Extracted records
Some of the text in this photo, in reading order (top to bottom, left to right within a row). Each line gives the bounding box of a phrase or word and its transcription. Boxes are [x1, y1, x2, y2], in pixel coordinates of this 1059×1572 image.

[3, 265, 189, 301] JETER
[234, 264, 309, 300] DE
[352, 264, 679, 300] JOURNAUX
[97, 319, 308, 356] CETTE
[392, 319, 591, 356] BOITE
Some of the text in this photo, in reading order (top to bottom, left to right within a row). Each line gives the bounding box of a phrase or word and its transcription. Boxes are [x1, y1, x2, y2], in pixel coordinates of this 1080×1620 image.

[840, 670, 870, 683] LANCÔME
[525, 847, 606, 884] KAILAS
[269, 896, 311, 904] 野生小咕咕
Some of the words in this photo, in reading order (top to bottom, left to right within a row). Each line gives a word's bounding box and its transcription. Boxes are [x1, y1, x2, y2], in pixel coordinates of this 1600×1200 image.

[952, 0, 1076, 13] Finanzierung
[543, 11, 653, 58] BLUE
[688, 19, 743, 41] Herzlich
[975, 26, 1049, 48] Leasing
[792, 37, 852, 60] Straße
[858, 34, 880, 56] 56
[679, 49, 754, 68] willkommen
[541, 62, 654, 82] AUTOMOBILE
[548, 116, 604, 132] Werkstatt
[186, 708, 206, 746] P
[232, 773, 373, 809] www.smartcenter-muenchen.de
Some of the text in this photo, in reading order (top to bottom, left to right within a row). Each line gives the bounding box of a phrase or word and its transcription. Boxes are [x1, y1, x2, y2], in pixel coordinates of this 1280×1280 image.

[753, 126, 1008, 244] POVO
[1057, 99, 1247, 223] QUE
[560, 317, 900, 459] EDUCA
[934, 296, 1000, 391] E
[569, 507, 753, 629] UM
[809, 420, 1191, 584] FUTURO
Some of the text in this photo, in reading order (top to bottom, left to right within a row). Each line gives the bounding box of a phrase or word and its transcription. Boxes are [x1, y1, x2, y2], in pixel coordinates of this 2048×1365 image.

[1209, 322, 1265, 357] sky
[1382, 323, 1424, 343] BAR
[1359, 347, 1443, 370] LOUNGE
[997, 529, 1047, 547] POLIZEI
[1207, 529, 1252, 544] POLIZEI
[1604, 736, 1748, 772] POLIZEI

Prompt
Produce a verbatim copy of the lines from the one holding "this 2048×1365 image." to the final line of the data, and nothing more.

Written answer
Some of the text in this photo, in reading order (top to bottom, left to right within a row). Each line gives the bounding box of a phrase or word and its transcription. Boxes are [x1, y1, x2, y2], in pixel coordinates of this 2048×1365 image.

[1209, 322, 1265, 357] sky
[1382, 323, 1424, 343] BAR
[1359, 347, 1443, 370] LOUNGE
[997, 529, 1047, 547] POLIZEI
[1207, 529, 1252, 544] POLIZEI
[1604, 736, 1748, 772] POLIZEI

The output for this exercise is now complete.